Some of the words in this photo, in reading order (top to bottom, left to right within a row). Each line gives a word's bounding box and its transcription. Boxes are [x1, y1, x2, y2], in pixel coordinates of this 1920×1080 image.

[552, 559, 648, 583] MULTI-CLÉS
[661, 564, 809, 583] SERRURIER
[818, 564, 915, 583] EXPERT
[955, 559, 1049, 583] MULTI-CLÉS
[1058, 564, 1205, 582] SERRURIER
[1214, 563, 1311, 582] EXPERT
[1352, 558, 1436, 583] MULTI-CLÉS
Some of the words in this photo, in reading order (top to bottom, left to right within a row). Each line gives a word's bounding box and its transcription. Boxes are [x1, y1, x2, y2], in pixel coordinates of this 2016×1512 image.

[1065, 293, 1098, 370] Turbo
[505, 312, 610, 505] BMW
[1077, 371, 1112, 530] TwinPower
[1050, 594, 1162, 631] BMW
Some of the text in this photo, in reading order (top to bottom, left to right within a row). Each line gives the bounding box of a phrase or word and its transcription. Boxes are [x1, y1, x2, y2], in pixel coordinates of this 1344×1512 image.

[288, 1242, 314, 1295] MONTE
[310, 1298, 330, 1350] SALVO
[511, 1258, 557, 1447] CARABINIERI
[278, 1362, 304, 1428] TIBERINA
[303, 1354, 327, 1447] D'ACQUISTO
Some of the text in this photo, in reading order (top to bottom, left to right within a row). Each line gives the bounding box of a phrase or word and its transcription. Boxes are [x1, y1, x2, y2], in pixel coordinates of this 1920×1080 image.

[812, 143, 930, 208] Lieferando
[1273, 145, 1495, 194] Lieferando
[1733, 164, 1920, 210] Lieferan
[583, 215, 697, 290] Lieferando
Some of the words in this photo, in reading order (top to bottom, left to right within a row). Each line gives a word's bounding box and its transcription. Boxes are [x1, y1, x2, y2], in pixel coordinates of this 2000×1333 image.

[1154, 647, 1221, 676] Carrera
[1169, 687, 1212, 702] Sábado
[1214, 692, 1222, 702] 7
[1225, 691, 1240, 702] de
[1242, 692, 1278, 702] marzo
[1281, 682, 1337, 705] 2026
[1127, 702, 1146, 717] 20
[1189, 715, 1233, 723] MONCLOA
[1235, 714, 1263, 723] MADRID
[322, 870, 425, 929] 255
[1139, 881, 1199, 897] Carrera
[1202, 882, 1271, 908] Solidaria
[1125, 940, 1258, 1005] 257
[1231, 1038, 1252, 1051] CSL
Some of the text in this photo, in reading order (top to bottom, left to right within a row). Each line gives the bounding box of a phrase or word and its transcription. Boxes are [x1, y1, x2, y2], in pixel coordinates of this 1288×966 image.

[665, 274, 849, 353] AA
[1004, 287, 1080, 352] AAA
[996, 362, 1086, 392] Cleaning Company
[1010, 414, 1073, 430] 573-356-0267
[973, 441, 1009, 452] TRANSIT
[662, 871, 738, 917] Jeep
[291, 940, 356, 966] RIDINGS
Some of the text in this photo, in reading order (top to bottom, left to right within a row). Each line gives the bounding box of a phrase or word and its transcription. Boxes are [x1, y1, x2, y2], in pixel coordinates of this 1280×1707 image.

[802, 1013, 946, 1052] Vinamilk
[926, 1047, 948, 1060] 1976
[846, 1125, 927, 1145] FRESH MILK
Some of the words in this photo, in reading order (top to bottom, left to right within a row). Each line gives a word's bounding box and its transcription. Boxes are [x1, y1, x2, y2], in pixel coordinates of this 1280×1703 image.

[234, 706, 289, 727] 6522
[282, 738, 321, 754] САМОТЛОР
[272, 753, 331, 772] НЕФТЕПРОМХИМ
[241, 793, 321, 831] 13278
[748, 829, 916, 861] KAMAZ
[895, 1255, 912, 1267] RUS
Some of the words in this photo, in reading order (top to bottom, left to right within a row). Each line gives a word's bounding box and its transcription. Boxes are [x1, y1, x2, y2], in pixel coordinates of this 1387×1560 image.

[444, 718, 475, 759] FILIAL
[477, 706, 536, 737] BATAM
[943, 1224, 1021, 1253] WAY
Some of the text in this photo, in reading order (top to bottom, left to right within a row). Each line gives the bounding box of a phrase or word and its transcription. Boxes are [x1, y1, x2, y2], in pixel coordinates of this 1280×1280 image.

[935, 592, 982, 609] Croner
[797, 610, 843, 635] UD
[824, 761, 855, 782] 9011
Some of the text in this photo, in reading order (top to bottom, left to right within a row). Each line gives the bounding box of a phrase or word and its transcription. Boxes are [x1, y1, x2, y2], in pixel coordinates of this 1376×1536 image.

* * *

Write out every entry exactly as it appears.

Solution for this problem:
Some of the words in this photo, in reading order (top to bottom, left to right within a row). Each line gives a word's bounding box and its transcription. Boxes are [x1, y1, x2, y2], in pixel coordinates of this 1920×1080 image.

[552, 559, 648, 583] MULTI-CLÉS
[661, 564, 809, 583] SERRURIER
[818, 564, 915, 583] EXPERT
[955, 559, 1049, 583] MULTI-CLÉS
[1058, 564, 1205, 582] SERRURIER
[1214, 563, 1311, 582] EXPERT
[1352, 558, 1436, 583] MULTI-CLÉS
Some of the words in this photo, in reading order (top to bottom, left to right within a row). Each line gives a word's bounding box and its transcription. Boxes are [x1, y1, x2, y2], in pixel coordinates of this 2016×1512 image.

[1065, 293, 1098, 370] Turbo
[505, 312, 610, 505] BMW
[1077, 371, 1112, 530] TwinPower
[1050, 594, 1162, 631] BMW
Some of the text in this photo, in reading order (top to bottom, left to right within a row). Each line gives the bounding box of a phrase or word and its transcription. Boxes are [x1, y1, x2, y2], in pixel coordinates of this 1344×1512 image.

[288, 1242, 314, 1295] MONTE
[310, 1298, 330, 1350] SALVO
[511, 1258, 557, 1447] CARABINIERI
[278, 1362, 304, 1428] TIBERINA
[303, 1354, 327, 1447] D'ACQUISTO
Some of the text in this photo, in reading order (top to bottom, left to right within a row). Each line gives the bounding box of a phrase or word and its transcription. Boxes are [x1, y1, x2, y2], in pixel coordinates of this 1920×1080 image.

[812, 143, 930, 208] Lieferando
[1273, 145, 1495, 194] Lieferando
[1733, 164, 1920, 210] Lieferan
[583, 215, 697, 290] Lieferando
Some of the words in this photo, in reading order (top to bottom, left to right within a row). Each line gives a word's bounding box and its transcription. Boxes are [x1, y1, x2, y2], in pixel coordinates of this 2000×1333 image.

[1154, 647, 1221, 676] Carrera
[1169, 687, 1212, 702] Sábado
[1214, 692, 1222, 702] 7
[1225, 691, 1240, 702] de
[1242, 692, 1278, 702] marzo
[1281, 682, 1337, 705] 2026
[1127, 702, 1146, 717] 20
[1189, 715, 1233, 723] MONCLOA
[1235, 714, 1263, 723] MADRID
[322, 870, 425, 929] 255
[1139, 881, 1199, 897] Carrera
[1202, 882, 1271, 908] Solidaria
[1125, 940, 1258, 1005] 257
[1231, 1038, 1252, 1051] CSL
Some of the text in this photo, in reading order (top to bottom, left to right within a row). Each line gives the bounding box of a phrase or word and its transcription. Boxes are [x1, y1, x2, y2], in pixel coordinates of this 1288×966 image.

[665, 274, 849, 353] AA
[1004, 287, 1080, 352] AAA
[996, 362, 1086, 392] Cleaning Company
[1010, 414, 1073, 430] 573-356-0267
[973, 441, 1009, 452] TRANSIT
[662, 871, 738, 917] Jeep
[291, 940, 356, 966] RIDINGS
Some of the text in this photo, in reading order (top to bottom, left to right within a row). Each line gives the bounding box of a phrase or word and its transcription. Boxes are [x1, y1, x2, y2], in pixel coordinates of this 1280×1707 image.

[802, 1013, 946, 1052] Vinamilk
[926, 1047, 948, 1060] 1976
[846, 1125, 927, 1145] FRESH MILK
Some of the words in this photo, in reading order (top to bottom, left to right within a row). Each line gives a word's bounding box and its transcription. Boxes are [x1, y1, x2, y2], in pixel coordinates of this 1280×1703 image.

[234, 706, 289, 727] 6522
[282, 738, 321, 754] САМОТЛОР
[272, 753, 331, 772] НЕФТЕПРОМХИМ
[241, 793, 321, 831] 13278
[748, 829, 916, 861] KAMAZ
[895, 1255, 912, 1267] RUS
Some of the words in this photo, in reading order (top to bottom, left to right within a row). Each line gives a word's bounding box and its transcription. Boxes are [x1, y1, x2, y2], in pixel coordinates of this 1387×1560 image.

[444, 718, 475, 759] FILIAL
[477, 706, 536, 737] BATAM
[943, 1224, 1021, 1253] WAY
Some of the text in this photo, in reading order (top to bottom, left to right within a row). Each line gives the bounding box of a phrase or word and its transcription. Boxes are [x1, y1, x2, y2], in pixel coordinates of this 1280×1280 image.

[935, 592, 982, 609] Croner
[797, 610, 843, 635] UD
[824, 761, 855, 782] 9011
Some of the text in this photo, in reading order (top to bottom, left to right within a row). Each line gives the bounding box of a phrase or word and its transcription. Boxes are [x1, y1, x2, y2], in pixel coordinates of this 1376×1536 image.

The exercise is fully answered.